A simple note on some empirical stochastic process as a tool in uniform L-statistics weak laws

Abstract

In this paper, we are concerned with the stochastic process $$\beta_n (q_t, t) = \beta_n(t) = \frac{1}{\sqrt{n}}\sum_{j=1}^n \{G_{t,n}(Y(t)) - G_t(Y_j(t))\} q_t(Y_j(t)), \tag{A}$$ where for $n \geq 1$ and $T > 0$, the sequences $\{Y_1(t), Y_2(t), \cdots, Y_n(t), t \in [0, T]\}$ are independent observations of some real stochastic process $Y(t), t \in [0,T]$, for each $t \in [0,T], G_t$ is the distribution function of $Y(t)$ and $G_{t,n}$ is the empirical distribution function based on $Y_1(t), Y_2(t), \cdots, Y_n(t)$ and finally $q_t$ is a bounded real function defined on $\mathbb{R}$. This process appears when investigating some time-dependent L-Statistics which are expressed as a function of some functional empirical process and the process (A).
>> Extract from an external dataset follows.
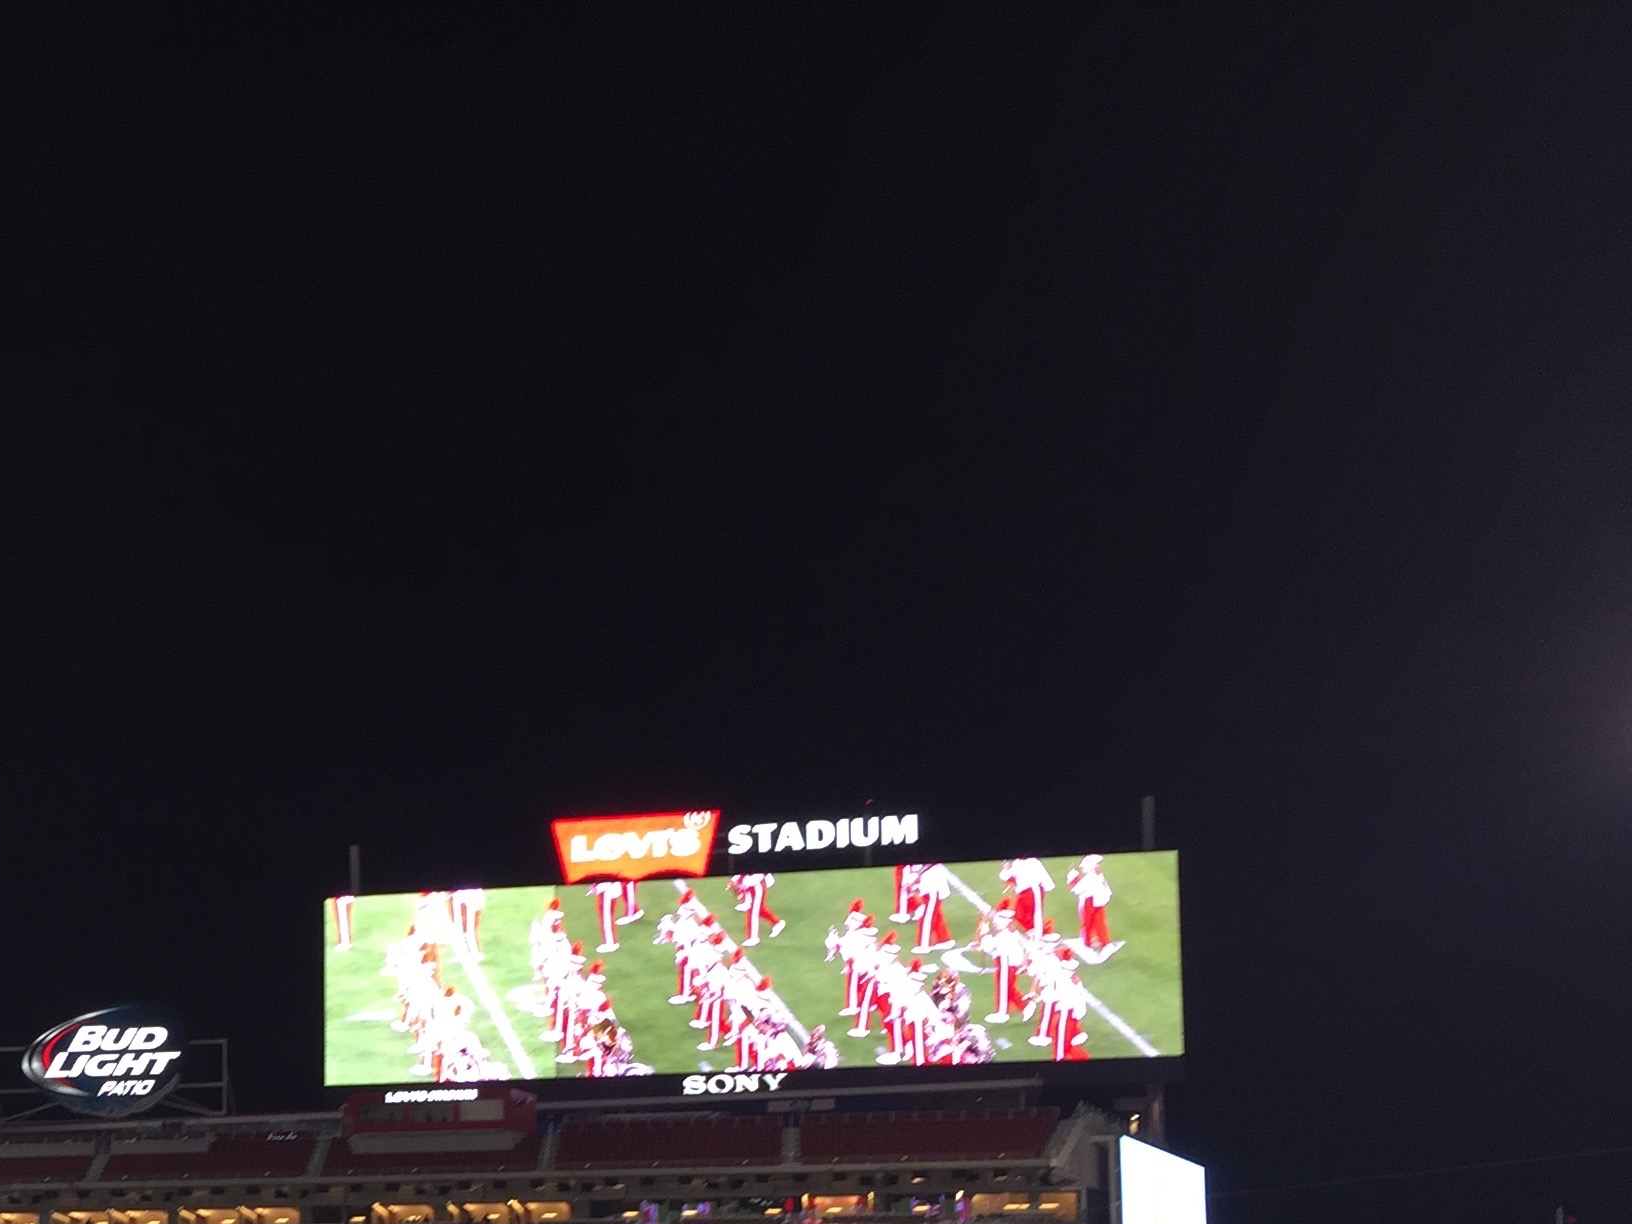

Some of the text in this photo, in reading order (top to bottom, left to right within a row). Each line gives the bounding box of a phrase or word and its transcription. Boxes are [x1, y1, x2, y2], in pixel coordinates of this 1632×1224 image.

Since the functional empirical process is widely investigated in the literature, the process reveals itself as an important key for L-Statistics laws. In this paper, we state an extended study of this process, give complete calculations of the first moments, the covariance function and find conditions for asymptotic tightness.